Adding an all zero column and includefrom and inlcudeto attributes gives:

<data id="alignment" dataType="binary" excludefrom="0" excludeto="2" includefrom="2" includeto="3" ascertained="true">
    <sequence taxon="Dutch">    0? 0 100001 </sequence>
    <sequence taxon="English">  0? 0 100001 </sequence>
    <sequence taxon="German">   0? 0 100011 </sequence>
    <sequence taxon="Spanish">  ?0 0 011110</sequence>
    <sequence taxon="French">   ?0 0 011110</sequence>
</data>

This calculates

          P(D | T)
-------------------------------
1-P(D excluded) + P(D included)

were D excluded is specified by the exclude* attributes and D included by the include* attributes. A more complex example can be found in (Robbeets & Bouckaert, 2018).

Sub sets of alignments

It is possible to split up alignments into sub-alignments, especially when there are blocks of missing data as is common with language data. This can be done with the FilteredAlignment. Any FilteredAlignment takes an Alignment as data attribute and a filter specification that specifies which of the sites in the input alignment should be selected First site is 1. Filter specs are comma separated, either a singleton, a range [from]-[to] or iteration [from]:[to]:[step]; 1-100 defines a range, 1-100 or 1:100:3 defines every third in range 1-100, 1::3,2::3 removes every third site. Default for range [1]-[last site], default for iterator [1]:[last site]:[1].
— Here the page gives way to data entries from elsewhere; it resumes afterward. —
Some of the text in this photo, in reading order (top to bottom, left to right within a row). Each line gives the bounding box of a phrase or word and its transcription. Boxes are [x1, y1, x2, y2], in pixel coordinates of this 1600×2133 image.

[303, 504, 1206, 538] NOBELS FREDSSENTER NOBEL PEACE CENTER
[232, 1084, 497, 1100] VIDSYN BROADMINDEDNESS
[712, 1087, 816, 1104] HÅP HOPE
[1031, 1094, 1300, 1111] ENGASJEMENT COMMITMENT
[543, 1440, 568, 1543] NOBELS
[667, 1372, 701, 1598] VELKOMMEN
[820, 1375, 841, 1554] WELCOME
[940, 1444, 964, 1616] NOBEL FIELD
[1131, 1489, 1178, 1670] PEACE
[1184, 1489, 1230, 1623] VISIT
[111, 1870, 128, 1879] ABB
For an alignment with id="pny2016" we can select the cognates for the word and as follows:

<data id="and" spec="FilteredAlignment" data="@pny2016" filter="236-296"/>

Note:

The first site in filters is 1, but the ascertainment correction uses 0 for first site. We are aware this is confusing, but also hard to change while keeping backward compatibility of XML files, so it is what it is.
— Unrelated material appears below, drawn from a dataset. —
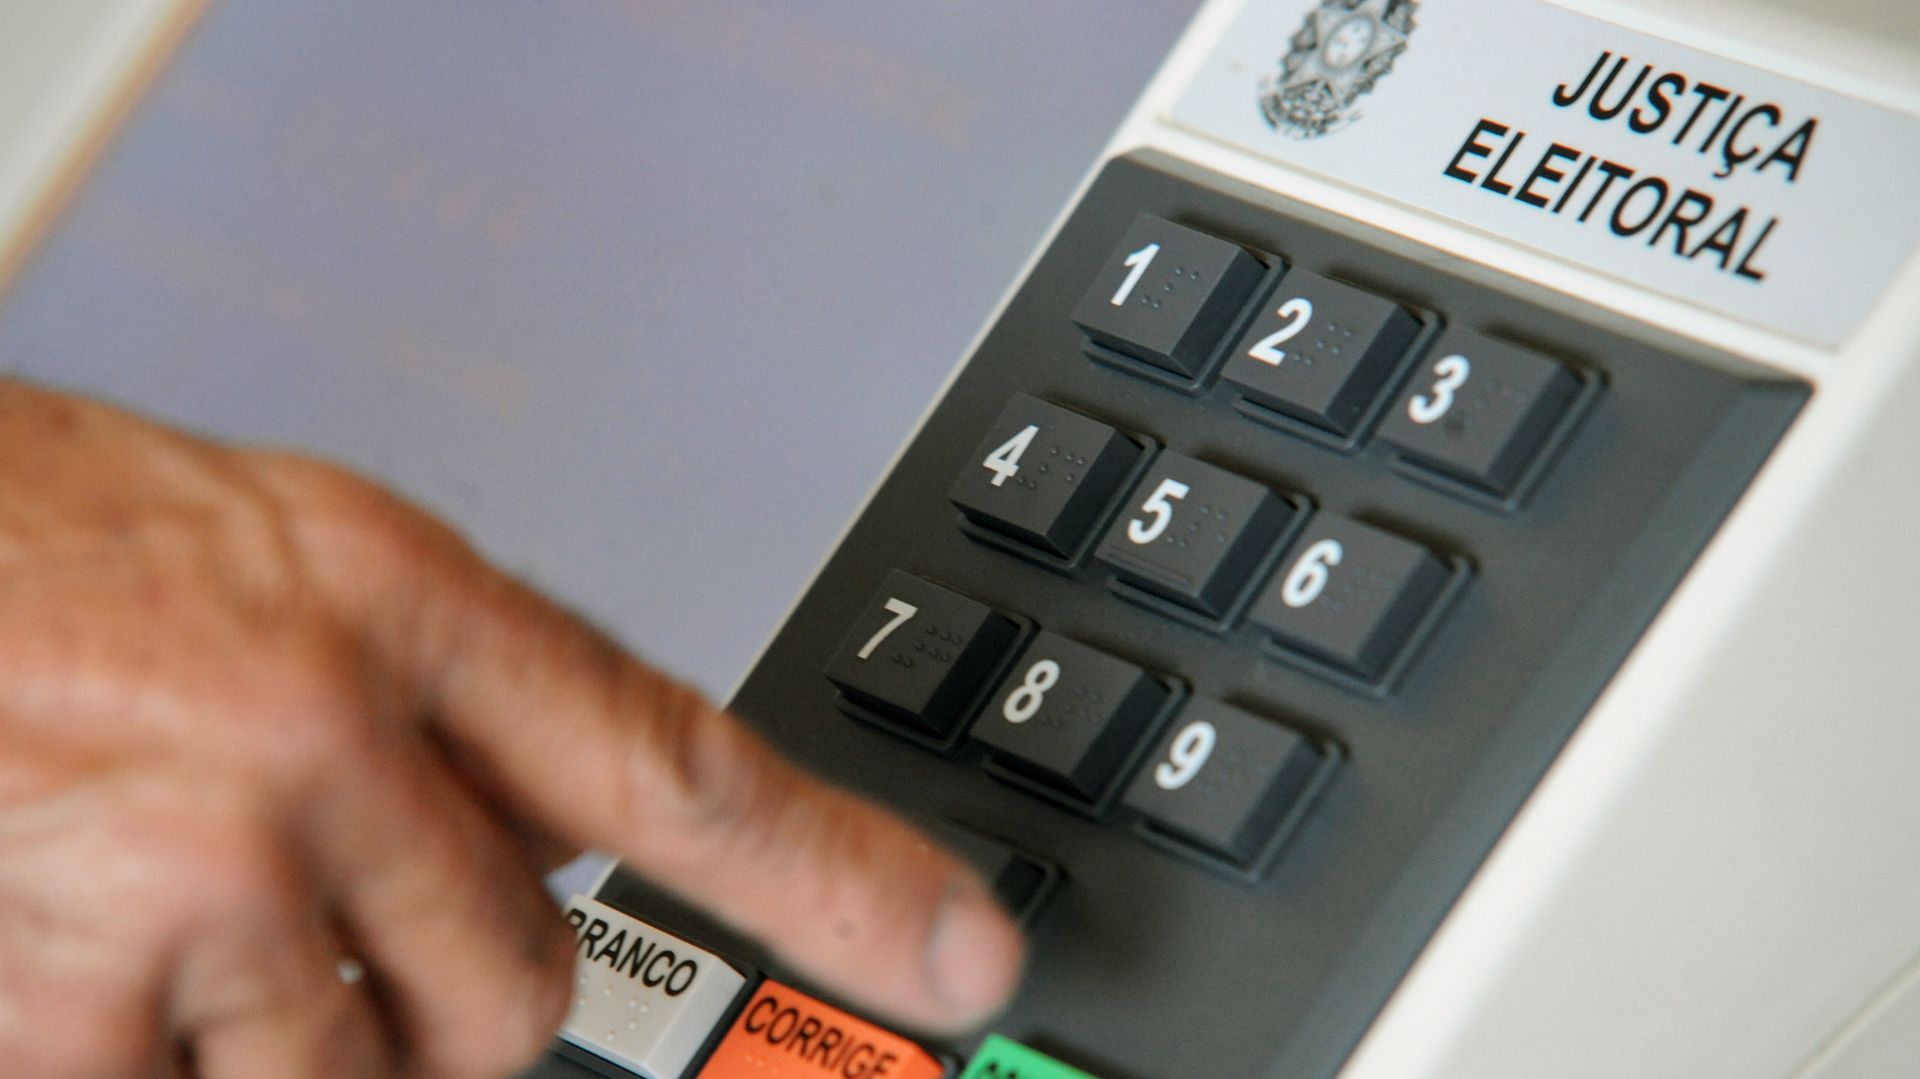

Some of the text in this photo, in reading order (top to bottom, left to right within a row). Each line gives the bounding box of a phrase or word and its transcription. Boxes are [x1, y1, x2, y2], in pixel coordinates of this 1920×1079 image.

It would be possible, but confusing to specify the ascertainment correction attributes directly on this filtered alignment. Less error prone is to just assume the first column is ascertained on and wrap the filtered alignment in another like so:

<data id="orgdata.and" spec="FilteredAlignment" ascertained="true" excludeto="1" filter="-">
    <data id="and" spec="FilteredAlignment" data="@pny2016" filter="236-296"/>
</data>

You can find a more elaborate example from (Bouckaert et al, 2018) here.

Threading

As mentioned above, the ThreadedTreeLiklihood does not support ascertainment correction (and warns so with the message Note, can only use single thread per alignment because the alignment is ascertained before crashing with a NullPointerException if you try it with multiple threads). One way around is to split up the alignment into multiple sections using the FilteredAlignment as outlined in the previous partitions, and having one TreeLiklihood per partitions, each with its own ascertainment correction on the same columns as the single threaded version would use.

Make sure to set useThreads="true" on the CompoundDistribution containing the TreeLiklihoods – usually, this is the element with id="likelihood".

Reference

Bouckaert RR, Bowern C, Atkinson QD. The origin and expansion of Pama–Nyungan languages across Australia. Nature ecology & evolution. 2018 Apr;2(4):741.

Robbeets M, Bouckaert R. Bayesian phylolinguistics reveals the internal structure of the Transeurasian family. Journal of Language Evolution. 2018 Aug 6;3(2):145-62.